Well-Architected Reliability best practice: verify the resilience of your workloads using Chaos Engineering

Chaos Engineering provides your teams with capabilities to continuously inject real world disruptions (simulations) in a controlled way at the service provider, infrastructure, workload, and component levels, with minimal to no impact to your customers. It allows your teams to learn from faults and observe, measure, and improve the resilience of your workloads, as well as validate that alerts fire and teams get notified in the case of an event. When run continuously, Chaos Engineering can highlight deficiencies in your workloads that, if left unaddressed, could negatively affect availability and operation.

Chaos Engineering is the discipline of experimenting on a system in order to build confidence in the system’s capability to withstand turbulent conditions in production. – Principles of Chaos Engineering

If a system is able to withstand these disruptions, the chaos experiment should be maintained as an automated regression test. In this way, chaos experiments should be run as part of your software development lifecycle (SDLC) and as part of your CI/CD pipeline.

To ensure that your workload can survive component failure, inject real-world events as part of your experiments. For example, experiment with the loss of EC2 instances or failover of the primary Amazon RDS database instance, and verify that your workload is not impacted (or only minimally impacted). Use a combination of component faults to simulate events that may be caused by a disruption in an Availability Zone.

For application-level faults (such as crashes), you can start with stressors such as memory and CPU exhaustion.

To validate fallback or failover mechanisms for external dependencies due to intermittent network disruptions, your components should simulate such an event by blocking access to the third-party providers for a specified duration that might last from seconds to hours.

Other modes of degradation might cause reduced functionality and slow responses, often resulting in a disruption of your services. Common sources of this type of degradation are increased latency on critical services and unreliable network communication (dropped packets). Experiments with these faults, including networking effects such as latency, dropped messages, and DNS failures, could include the inability to resolve a name, reach the DNS service, or establish connections to dependent services.

Chaos Engineering tools

AWS Fault Injection Simulator (AWS FIS) is a fully managed service for running fault injection experiments that can be used as part of your CD pipeline, or outside of the pipeline. AWS FIS is a good choice to use during Chaos Engineering game days. It supports simultaneously introducing faults across different types of resources including Amazon EC2, Amazon ECS, Amazon EKS, and Amazon RDS. These faults include termination of resources, forcing failovers, stressing CPU or memory, throttling, latency, and packet loss. Since it is integrated with Amazon CloudWatch alarms, you can set up stop conditions as guardrails to rollback an experiment if it causes an unexpected impact (Figure 1).

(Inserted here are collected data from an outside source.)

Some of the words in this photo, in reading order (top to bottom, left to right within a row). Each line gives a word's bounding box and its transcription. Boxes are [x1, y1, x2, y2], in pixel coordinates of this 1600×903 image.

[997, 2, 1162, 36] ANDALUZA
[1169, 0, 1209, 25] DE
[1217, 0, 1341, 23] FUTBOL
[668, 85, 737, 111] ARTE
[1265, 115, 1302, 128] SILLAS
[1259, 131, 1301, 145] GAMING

AWS Fault Injection Simulator integrates with AWS resources to enable you to run fault injection experiments for your workloads

Figure 1. AWS Fault Injection Simulator integrates with AWS resources to enable you to run fault injection experiments for your workloads

To expand the scope of faults that can be injected on AWS, AWS FIS integrates with Chaos Mesh and Litmus Chaos, enabling you to coordinate fault injection workflows among multiple tools. For example, you can run a stress test on a pod’s CPU using Chaos Mesh or Litmus faults while terminating a randomly selected percentage of cluster nodes using AWS FIS fault actions.

Implementation steps

1. Determine which faults to use for experiments

Assess the design of your workload for resiliency. Such designs (created using the best practices of the Well-Architected Framework) consider risks based on critical dependencies, past events, known issues, and compliance requirements. List each element of the design intended to maintain resilience and the faults it is designed to mitigate. For more information about creating such lists, see the Operational Readiness Review whitepaper, which guides you on how to create a process to prevent reoccurrence of previous incidents. The Failure Modes & Effects Analysis (FMEA) process provides a framework for performing a component-level analysis of failures and how they impact your workload. FMEA is outlined in more detail in Failure Modes and Continuous Resilience by Adrian Cockcroft.

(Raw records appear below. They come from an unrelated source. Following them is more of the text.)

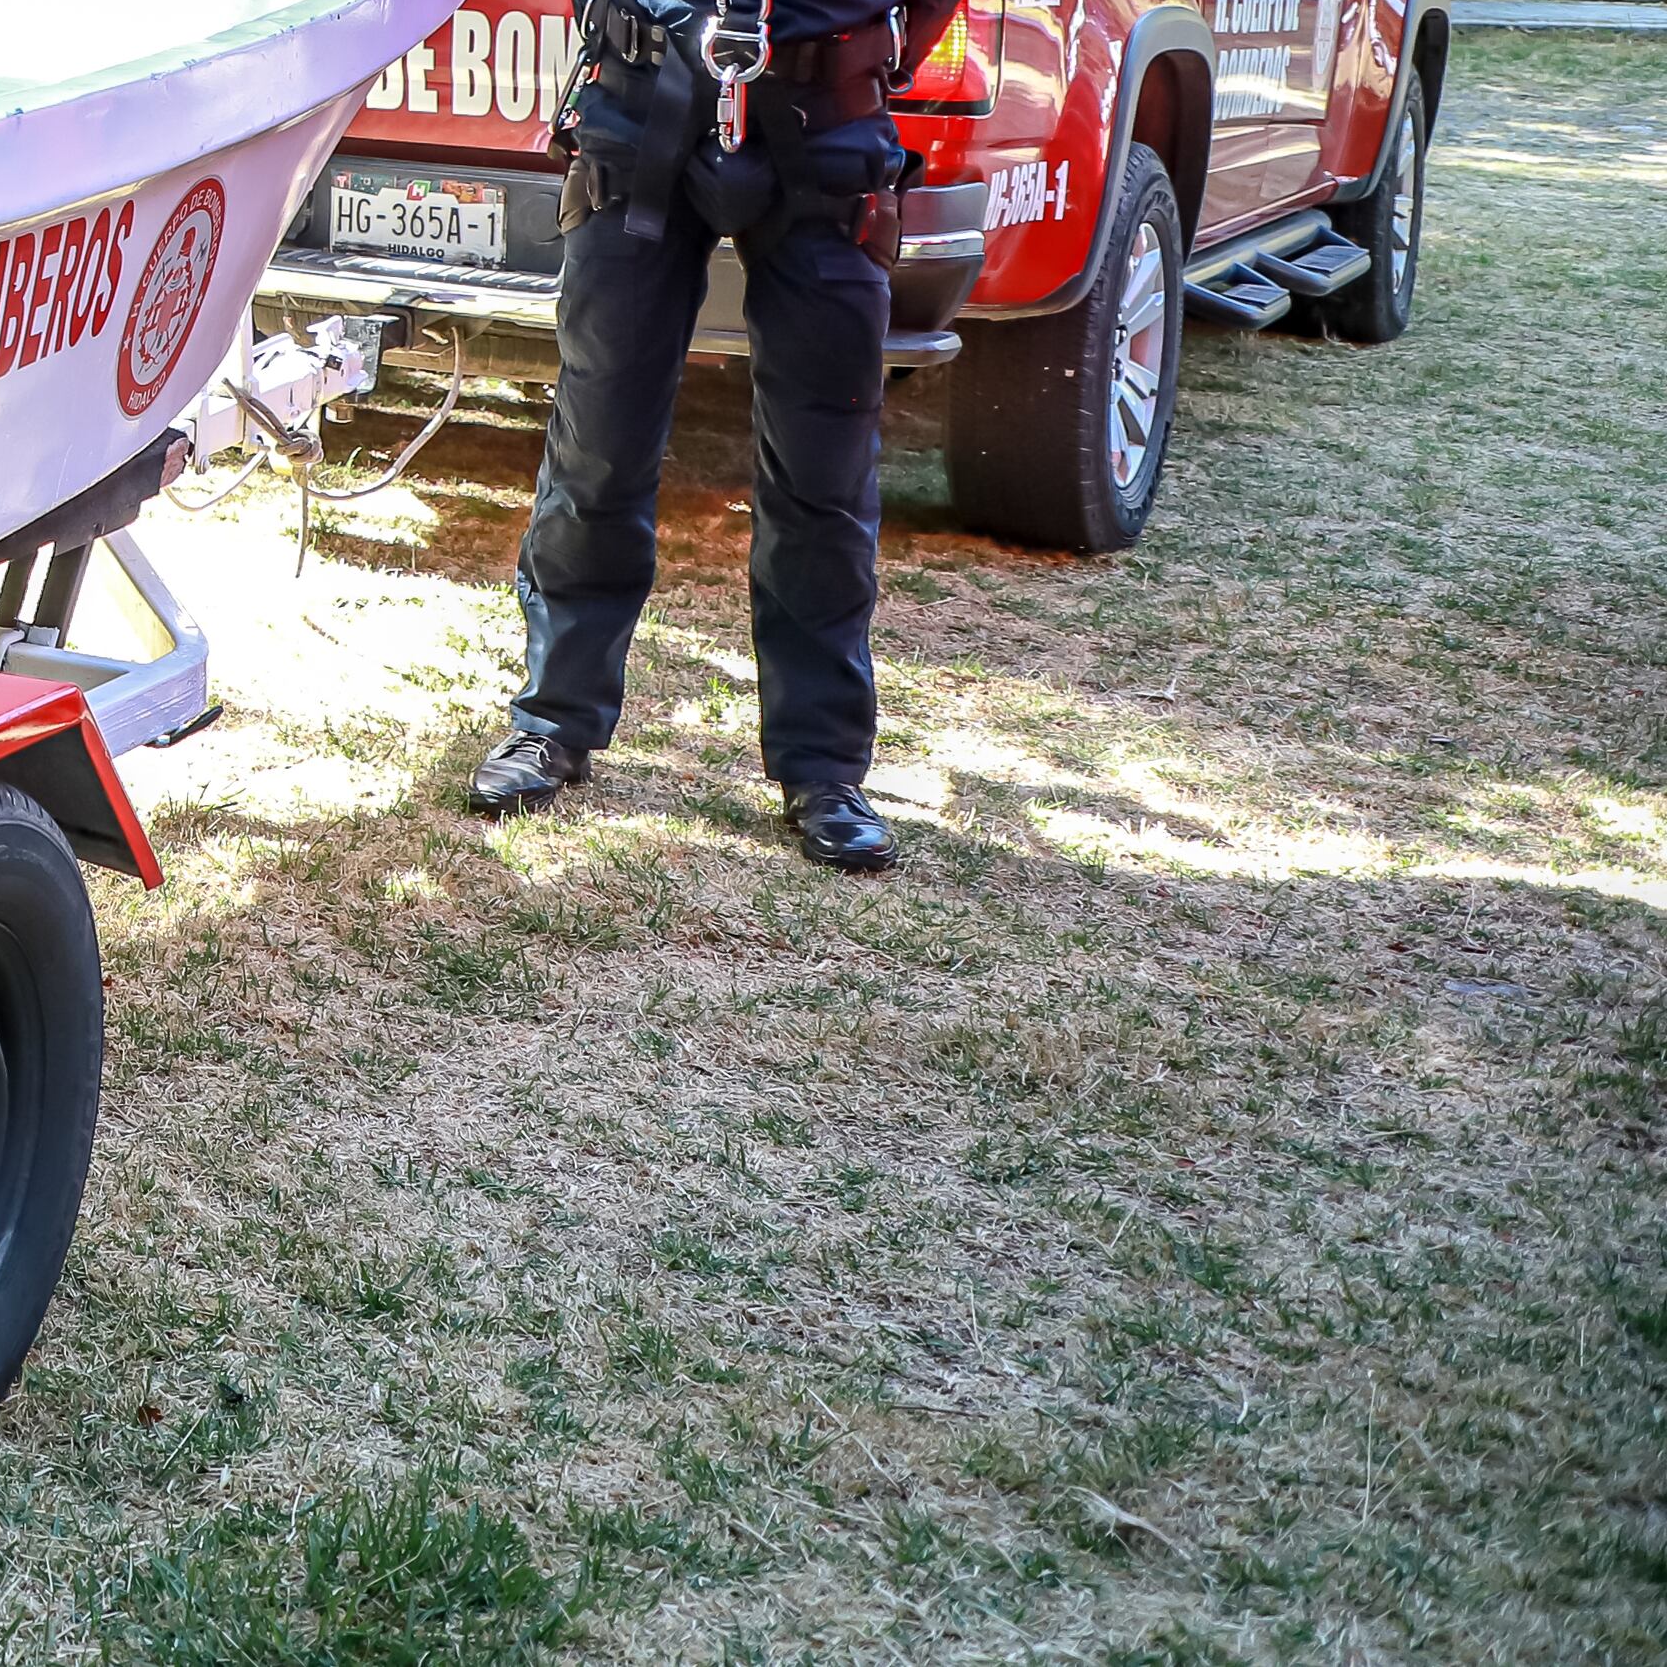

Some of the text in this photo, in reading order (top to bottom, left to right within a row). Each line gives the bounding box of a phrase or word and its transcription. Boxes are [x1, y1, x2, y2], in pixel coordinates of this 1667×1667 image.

[336, 195, 496, 247] HG-365A-1
[982, 160, 1069, 231] HG-365A-1
[142, 206, 188, 288] CUERPO
[190, 190, 204, 211] DE
[387, 243, 445, 258] HIDALGO
[125, 374, 167, 411] HIDALGO

2. Assign a priority to each fault

To assess priority, consider the frequency of the fault and the impact of failure to the overall workload. It is fine to start with a coarse categorization, such as high, medium, or low, and refine it.

When considering frequency of a given fault, analyze past data for this workload when available. If not available, use data from other workloads running in a similar environment.

When considering impact of a given fault, the larger the scope of the fault, generally the larger the impact. Also consider the workload design and purpose. For example, the ability to access the source data stores is critical for a workload doing data transformation and analysis. In this case, you would prioritize experiments for access faults, as well as throttled access and latency insertion.

Post-incident analyses are a good source of data to understand both frequency and impact of failure modes.

Use the assigned priority to determine which faults to experiment with first and the order with which to develop new fault injection experiments.

3. For each experiment that you will execute, follow the Chaos Engineering/continuous resilience flywheel (Figure 2)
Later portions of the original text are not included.